— Stored data entries —
*** Begin section ***
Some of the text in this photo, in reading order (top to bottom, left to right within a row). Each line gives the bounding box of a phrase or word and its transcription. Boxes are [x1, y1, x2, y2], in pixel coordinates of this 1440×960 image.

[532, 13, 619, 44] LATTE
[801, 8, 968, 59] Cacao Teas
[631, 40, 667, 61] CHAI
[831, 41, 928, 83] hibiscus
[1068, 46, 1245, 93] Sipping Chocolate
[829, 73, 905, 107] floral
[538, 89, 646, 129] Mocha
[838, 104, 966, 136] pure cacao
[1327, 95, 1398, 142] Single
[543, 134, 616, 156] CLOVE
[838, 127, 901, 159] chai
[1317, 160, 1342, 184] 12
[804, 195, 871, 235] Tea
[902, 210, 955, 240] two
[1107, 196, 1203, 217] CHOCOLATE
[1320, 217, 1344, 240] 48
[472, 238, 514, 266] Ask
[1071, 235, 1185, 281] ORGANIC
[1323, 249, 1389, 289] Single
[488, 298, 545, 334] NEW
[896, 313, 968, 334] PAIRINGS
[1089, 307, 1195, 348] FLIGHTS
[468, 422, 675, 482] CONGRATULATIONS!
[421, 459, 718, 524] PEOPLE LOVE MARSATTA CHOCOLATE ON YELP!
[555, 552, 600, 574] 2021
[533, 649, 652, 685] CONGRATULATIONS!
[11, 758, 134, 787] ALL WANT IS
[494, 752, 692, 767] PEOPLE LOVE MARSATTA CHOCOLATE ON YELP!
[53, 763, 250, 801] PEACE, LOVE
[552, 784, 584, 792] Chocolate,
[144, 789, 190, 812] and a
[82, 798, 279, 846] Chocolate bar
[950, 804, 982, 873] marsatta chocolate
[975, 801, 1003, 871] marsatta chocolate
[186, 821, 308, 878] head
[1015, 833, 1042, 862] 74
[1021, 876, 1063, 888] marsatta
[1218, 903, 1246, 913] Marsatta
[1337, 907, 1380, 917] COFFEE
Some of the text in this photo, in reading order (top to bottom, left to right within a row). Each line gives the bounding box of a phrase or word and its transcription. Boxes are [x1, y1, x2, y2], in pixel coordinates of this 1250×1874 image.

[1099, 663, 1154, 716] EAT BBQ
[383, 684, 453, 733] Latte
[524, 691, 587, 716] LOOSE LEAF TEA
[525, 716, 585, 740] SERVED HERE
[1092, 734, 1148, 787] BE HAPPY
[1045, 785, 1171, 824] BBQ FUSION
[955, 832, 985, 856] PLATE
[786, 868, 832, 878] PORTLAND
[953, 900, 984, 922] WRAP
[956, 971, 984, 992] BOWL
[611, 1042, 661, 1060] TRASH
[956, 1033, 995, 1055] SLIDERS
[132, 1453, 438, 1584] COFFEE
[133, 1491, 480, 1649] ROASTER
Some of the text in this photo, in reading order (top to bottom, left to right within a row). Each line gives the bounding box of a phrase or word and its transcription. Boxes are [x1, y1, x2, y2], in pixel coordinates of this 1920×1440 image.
*** End section ***
— TASK STATEMENT —
Your task is to repeat each of the records above exactly.

— PROBLEM SOLUTION —
Some of the text in this photo, in reading order (top to bottom, left to right within a row). Each line gives the bounding box of a phrase or word and its transcription. Boxes are [x1, y1, x2, y2], in pixel coordinates of this 1440×960 image.

[532, 13, 619, 44] LATTE
[801, 8, 968, 59] Cacao Teas
[631, 40, 667, 61] CHAI
[831, 41, 928, 83] hibiscus
[1068, 46, 1245, 93] Sipping Chocolate
[829, 73, 905, 107] floral
[538, 89, 646, 129] Mocha
[838, 104, 966, 136] pure cacao
[1327, 95, 1398, 142] Single
[543, 134, 616, 156] CLOVE
[838, 127, 901, 159] chai
[1317, 160, 1342, 184] 12
[804, 195, 871, 235] Tea
[902, 210, 955, 240] two
[1107, 196, 1203, 217] CHOCOLATE
[1320, 217, 1344, 240] 48
[472, 238, 514, 266] Ask
[1071, 235, 1185, 281] ORGANIC
[1323, 249, 1389, 289] Single
[488, 298, 545, 334] NEW
[896, 313, 968, 334] PAIRINGS
[1089, 307, 1195, 348] FLIGHTS
[468, 422, 675, 482] CONGRATULATIONS!
[421, 459, 718, 524] PEOPLE LOVE MARSATTA CHOCOLATE ON YELP!
[555, 552, 600, 574] 2021
[533, 649, 652, 685] CONGRATULATIONS!
[11, 758, 134, 787] ALL WANT IS
[494, 752, 692, 767] PEOPLE LOVE MARSATTA CHOCOLATE ON YELP!
[53, 763, 250, 801] PEACE, LOVE
[552, 784, 584, 792] Chocolate,
[144, 789, 190, 812] and a
[82, 798, 279, 846] Chocolate bar
[950, 804, 982, 873] marsatta chocolate
[975, 801, 1003, 871] marsatta chocolate
[186, 821, 308, 878] head
[1015, 833, 1042, 862] 74
[1021, 876, 1063, 888] marsatta
[1218, 903, 1246, 913] Marsatta
[1337, 907, 1380, 917] COFFEE
Some of the text in this photo, in reading order (top to bottom, left to right within a row). Each line gives the bounding box of a phrase or word and its transcription. Boxes are [x1, y1, x2, y2], in pixel coordinates of this 1250×1874 image.

[1099, 663, 1154, 716] EAT BBQ
[383, 684, 453, 733] Latte
[524, 691, 587, 716] LOOSE LEAF TEA
[525, 716, 585, 740] SERVED HERE
[1092, 734, 1148, 787] BE HAPPY
[1045, 785, 1171, 824] BBQ FUSION
[955, 832, 985, 856] PLATE
[786, 868, 832, 878] PORTLAND
[953, 900, 984, 922] WRAP
[956, 971, 984, 992] BOWL
[611, 1042, 661, 1060] TRASH
[956, 1033, 995, 1055] SLIDERS
[132, 1453, 438, 1584] COFFEE
[133, 1491, 480, 1649] ROASTER
Some of the text in this photo, in reading order (top to bottom, left to right within a row). Each line gives the bounding box of a phrase or word and its transcription. Boxes are [x1, y1, x2, y2], in pixel coordinates of this 1920×1440 image.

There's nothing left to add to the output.